Overachieving book readings

After reading this post where lawoot admits to reading Atlas Shrugged as recreational reading in high school, I got to thinking about the idea of books that you read that might have been a bigger bite than required.

When I was a freshman in high school, I read a book for a book report. Most of the kids in my class read things like “Of Mice and Men” or similarly short novels. I read a book which I believe was titled Adolf, which was a 1200+ page biography of Hitler (incidentally, anyone know what book this is? It isn’t immediately obvious on Amazon).

So what books did you read which were ambitious for the situation?

I did a project on Plato’s Republic in eighth grade. Didn’t read much of it, but I think I got a decent grade.

When I was in fourth grade, I saw the movie version of War and Peace with Audrey Hepburn, Henry Fonda, and Mel Ferrer. I just loved it. So I decided to read the book. Oof. Too many words.

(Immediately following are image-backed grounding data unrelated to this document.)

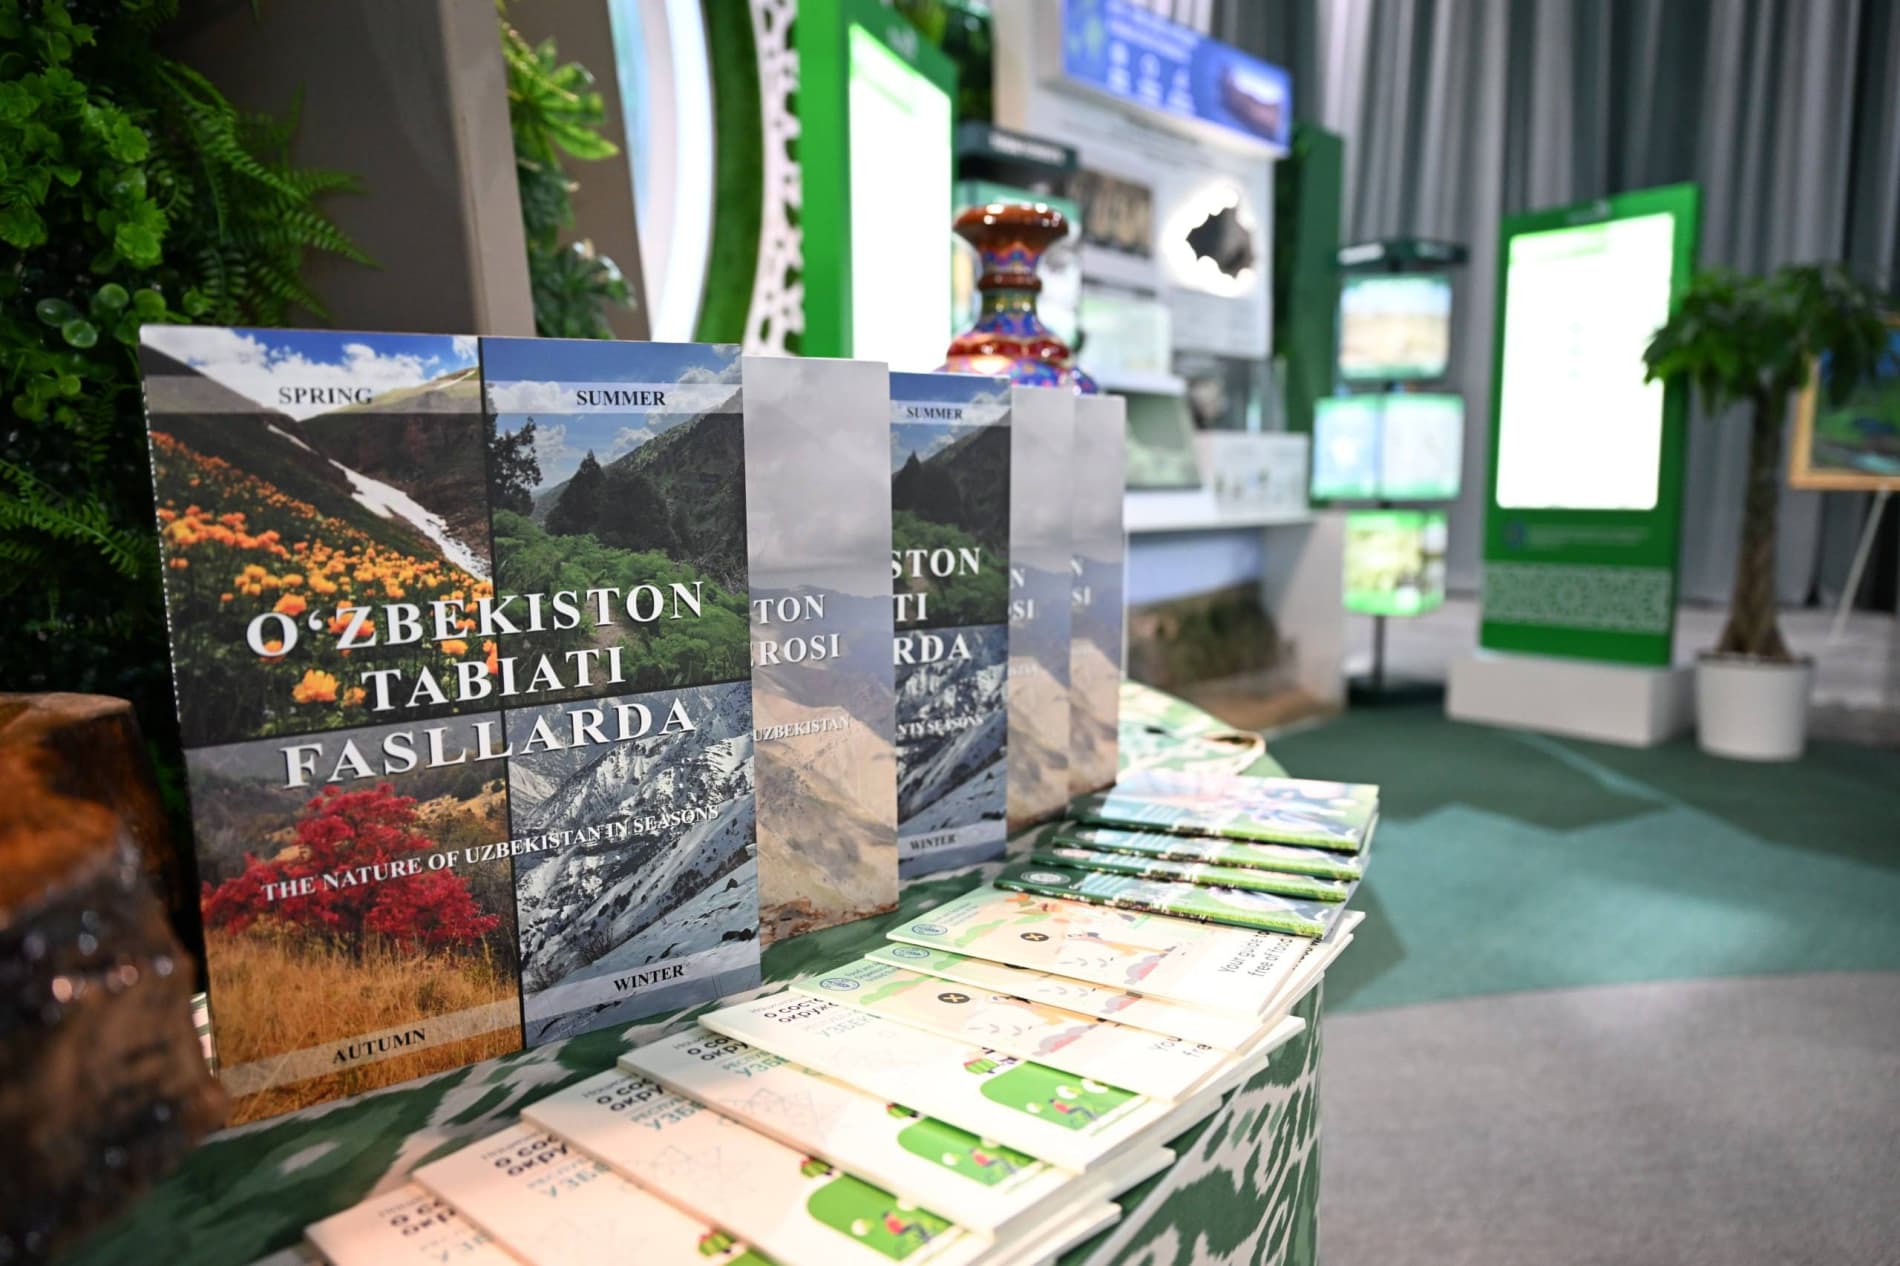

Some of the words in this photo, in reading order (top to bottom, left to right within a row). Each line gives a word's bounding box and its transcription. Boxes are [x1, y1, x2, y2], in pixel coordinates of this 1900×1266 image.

[278, 387, 373, 405] SPRING
[576, 390, 666, 406] SUMMER
[906, 407, 963, 420] SUMMER
[361, 646, 625, 712] TABIATI
[753, 715, 851, 742] UZBEKISTAN
[280, 697, 697, 789] FASLLARDA
[261, 876, 316, 901] THE
[322, 857, 423, 892] NATURE
[428, 851, 460, 871] OF
[465, 825, 601, 864] UZBEKISTAN
[606, 822, 628, 839] IN
[633, 804, 719, 834] SEASONS
[909, 834, 956, 850] WINTER
[614, 964, 684, 992] WINTER
[332, 1027, 426, 1064] AUTUMN

I read Gulliver’s Travels when I was 12, for some unholy reason. I couldn’t be bothered with Swift again until I was forced to read A Modest Proposal for class in high school. Still think the guy should’ve stuck to essays.

I read Les Miserables when I was 14. An unabridged version, including all the communist rants and random histories of random sects of nuns and the Paris sewers. It’s still one of my favorites.

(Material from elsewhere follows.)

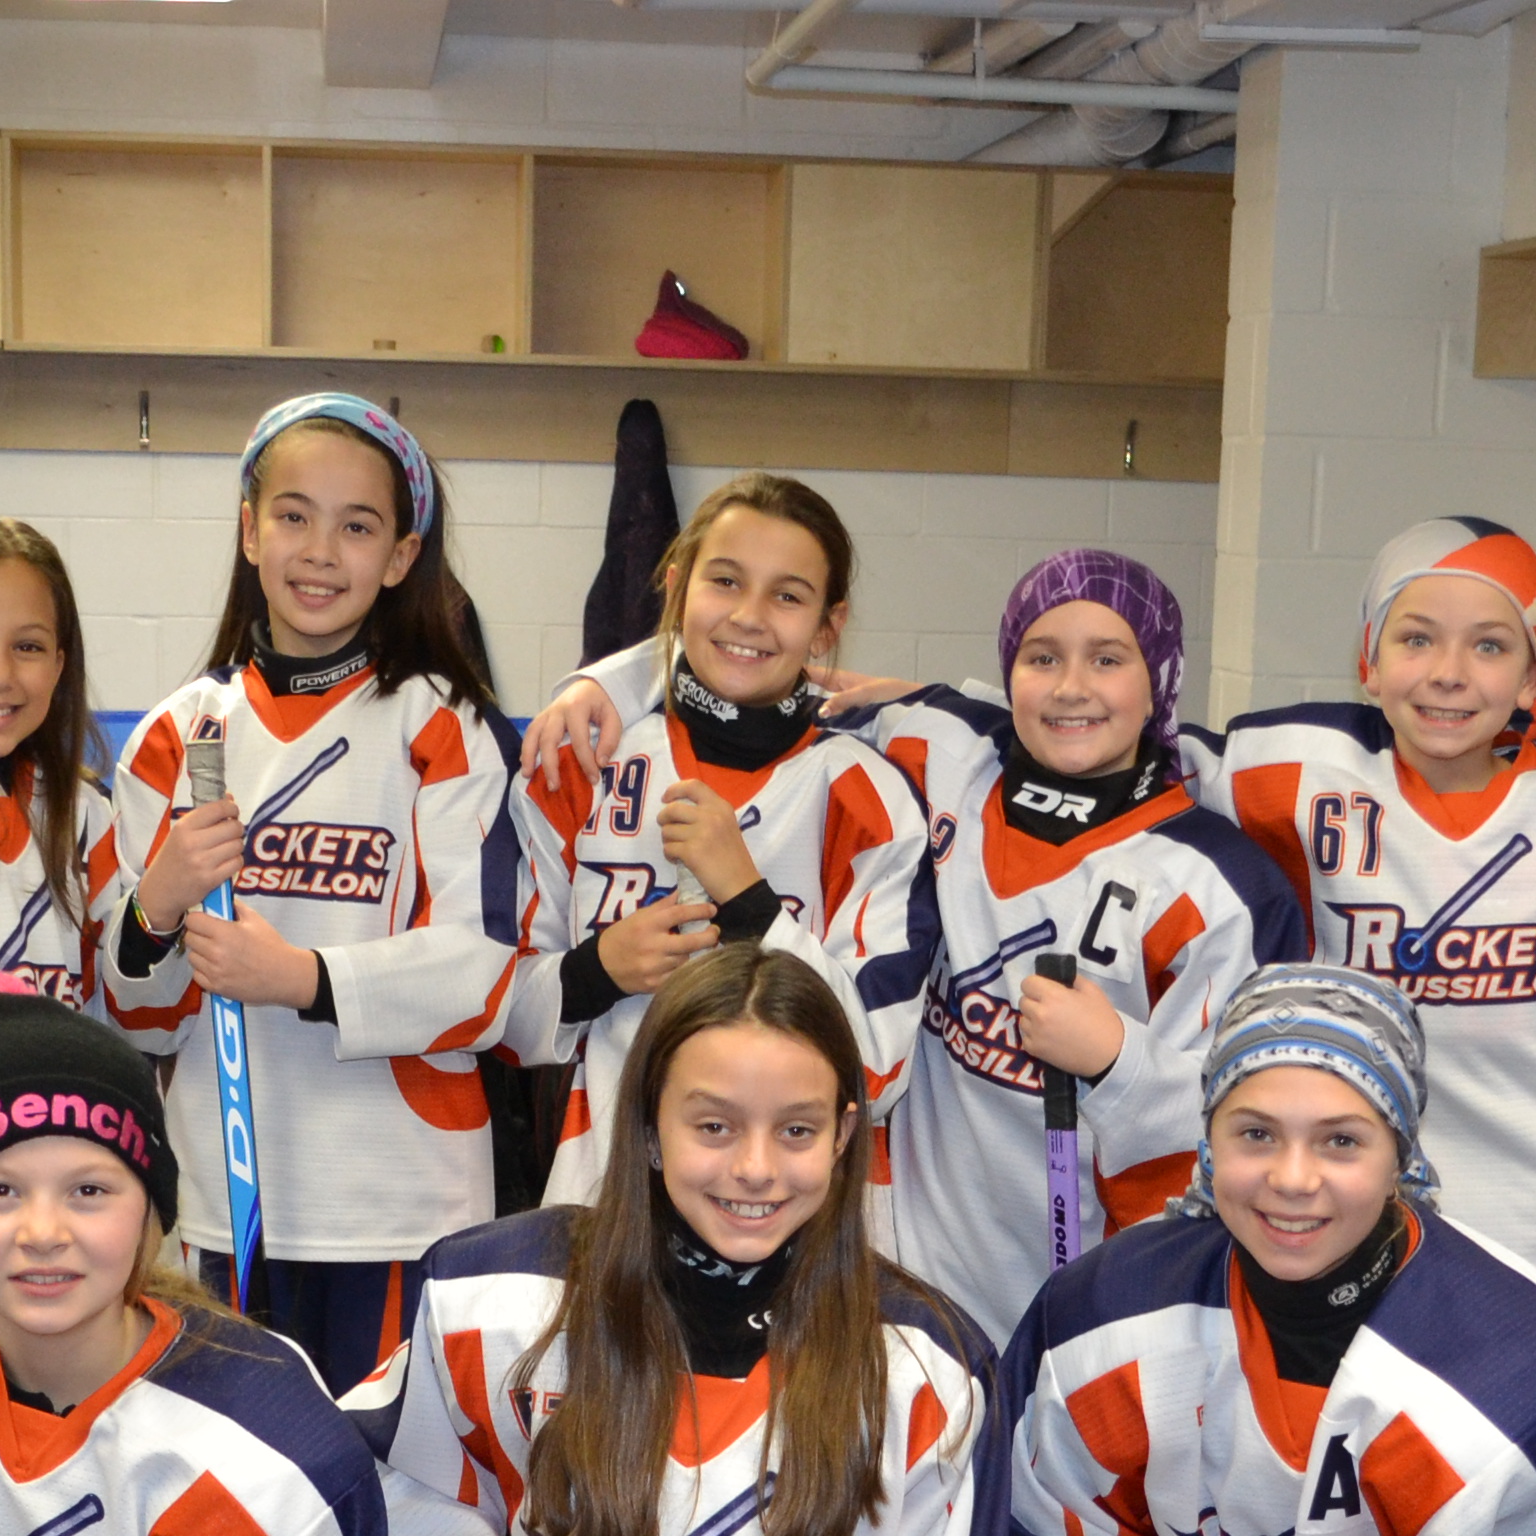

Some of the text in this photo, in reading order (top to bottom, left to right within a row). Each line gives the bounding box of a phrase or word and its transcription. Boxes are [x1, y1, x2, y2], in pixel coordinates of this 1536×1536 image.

[1012, 782, 1098, 824] DR
[1309, 787, 1385, 877] 67
[1078, 880, 1138, 967] C
[1307, 1433, 1361, 1521] A

I actually dug into some Ayn Rand in high school too, though in my case it was The Fountainhead. I liked it alright at the time, though I’m pretty sure I wouldn’t now.

I read and re-read both The Wizard of Oz and The Lion, the Witch, and the Wardrobe so many times when I was 7 that I effectively had both books memorized.

Over one weekend in college, I read 4 books for a Sci-Fi Lit class. 2 books a day for 2 days (one day was Frankenstein and Dracula). My butt ached.

Me too, all of Rand. I might like We, the Living now, but I’m not sure.

I was curious about the beatnik culture when I was a teen. I used it for a party theme once – candles stuck in soda bottles, issues of The Village Voice, Kerouac paperbacks, everybody had to wear black and smoke unfiltered cigarettes. As a 14-year-old girl in rural Iowa, I had no clue. Still don’t.

Rise and Fall of the Third Reich, by William L. Shirer, perhaps? It’s considered the gold standard of Hitler biographies, and it has over 1200 pages.

We were assigned War and Peace in one of our classes. The teacher realized that we couldn’t do the entire book in the 2 weeks alloted for the “Russian Literature” part of the course, so she gave us the abridged version.

Of course, I wouldn’t stand for reading the abridged version of anything, so I read the whole thing. However many pages we’d be assigned, it was 2-4x as many for me. Craziness!

Still, I came out of it loving Tolstoy, so I guess it wasn’t too bad.

I read Of Human Bondage by Somerset Maugham when I was ten.

In my early teens, I read the articles and interviews in Playboy. I swear.

I read War and Peace (unabridged) in high school as well. Someone in my English class thought I was showing off and decided that he would read it too. He gave up about a week later.
More recently I read the unabridged version of Don Quixote. That one took a while, and is thus far the only book too big to fit nicely into my jacket pocket.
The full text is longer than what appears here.